In step S1, the obtained frog sample image is obtained by the master-slave rotary camera zoom system 12, the obtained frog sample image includes a front view, a rear view, a left view, a right view, a jumping state diagram and a falling state diagram of the frog, the size of the diagram includes 32X32, 48X48 and 64X64, and the obtained frog sample image is analyzed by the video analysis module 2. In step S2, for the part inside the contour line, a corrosion expansion method is used to screen and eliminate a plurality of smaller texture and color features on the back of the frog; comparing the original reference point group, and taking the reserved color and texture of the larger area as the main color and texture parameters for identifying the frog; the frog sample image is further processed, and parameter information such as rough outline, color and texture of the area of the most main area is mainly reserved.
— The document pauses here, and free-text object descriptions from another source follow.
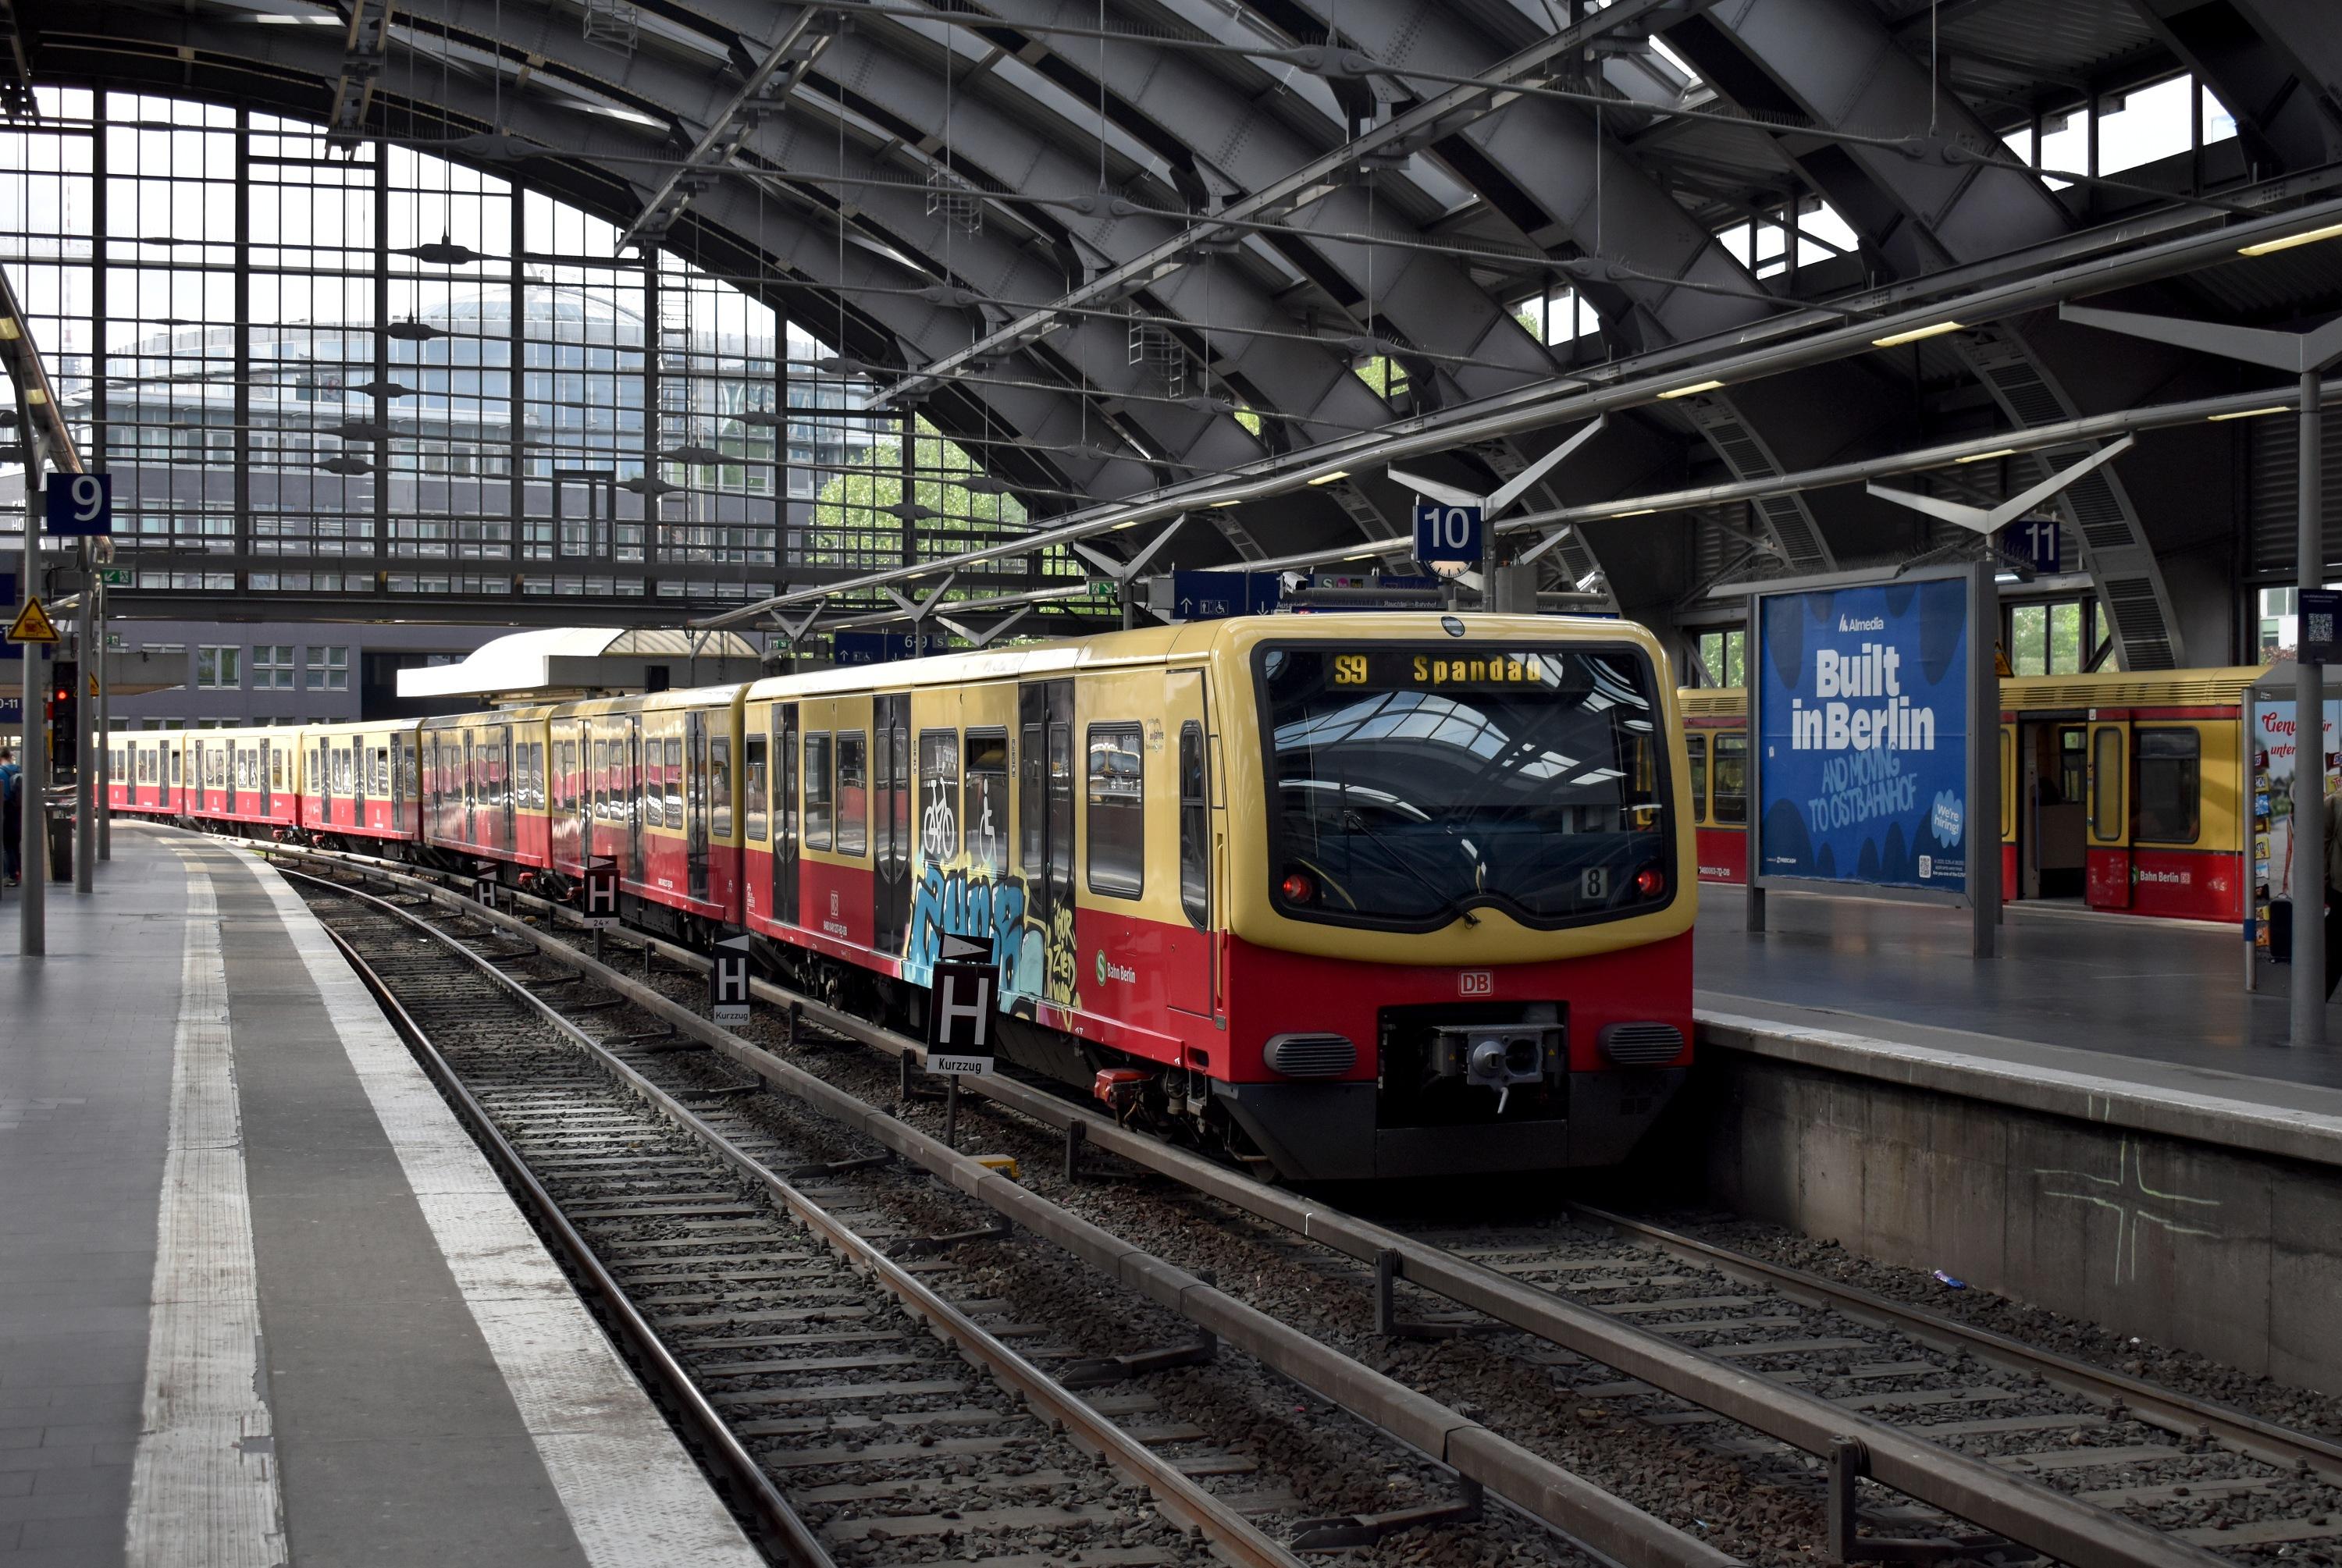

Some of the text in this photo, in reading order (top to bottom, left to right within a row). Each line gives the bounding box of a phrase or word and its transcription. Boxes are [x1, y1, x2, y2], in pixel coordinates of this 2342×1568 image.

[72, 475, 102, 521] 9
[1424, 508, 1469, 548] 10
[2025, 523, 2054, 561] 11
[1849, 617, 1884, 631] Almedia
[1335, 655, 1541, 684] S9 Spandau
[1817, 642, 1900, 698] Built
[1792, 695, 1934, 751] in Berlin
[2270, 743, 2296, 758] unter
[1821, 742, 1900, 794] AND MOVING
[1808, 773, 1917, 833] TO OSTBAHNHOF
[1937, 804, 1959, 822] We're
[1934, 814, 1959, 835] hiring!
[1588, 869, 1600, 897] 8
[2140, 870, 2157, 881] Bahn
[2159, 872, 2179, 883] Berlin
[479, 883, 496, 907] H
[589, 876, 615, 912] H
[718, 958, 746, 1001] H
[1107, 962, 1120, 980] Bahn
[1120, 965, 1136, 983] Berlin
[716, 1012, 748, 1022] Kurzzug
[939, 976, 989, 1045] H
[938, 1058, 982, 1074] Kurzzug
In step S3, a motion area is extracted by an optical flow algorithm, and motion characteristics between frames are captured according to the time difference and the change of the motion area, the motion mode of the frog is jumping, the time interval between different frames is proper, the frog motion is in one direction, and the change from low to high is presented, which is a main motion characteristic for identifying the frog, and the frog jumping trajectory between different frames can be obtained according to the frog jumping motion.
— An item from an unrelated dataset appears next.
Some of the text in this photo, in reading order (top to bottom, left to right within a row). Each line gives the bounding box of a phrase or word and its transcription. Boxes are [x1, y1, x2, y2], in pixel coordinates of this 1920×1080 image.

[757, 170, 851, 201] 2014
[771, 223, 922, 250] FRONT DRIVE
In step S4, selecting a substantially completely independent area not overlapping other samples, whether the area is completely independent, by referring to the physical parameters of the camera and the feeding time of the frog, the approximate size of an independent frog body area is obtained, and the physical size parameters of the area can be measured by manual assistance; after the physical size parameters are obtained, the zoom parameters of the used sample image can be calculated by combining a plurality of physical parameters (distance, position, angle, focal length, image size and the like) calibrated by the camera, and the zoom parameters are used as the global zoom scale of the image of the frame obtained by the camera; and (3) scaling and converting the size of the sample image into the same size of the sample image according to the size of the sample image, matching the sample image with different preprocessed sample images by combining the basic body positions of facing left, facing right, jumping and falling, and judging as a frog in motion if the combined error of the area and the color is less than a threshold value.

The template reduction in step S6 may be performed by matching the reduced template using a pyramid method.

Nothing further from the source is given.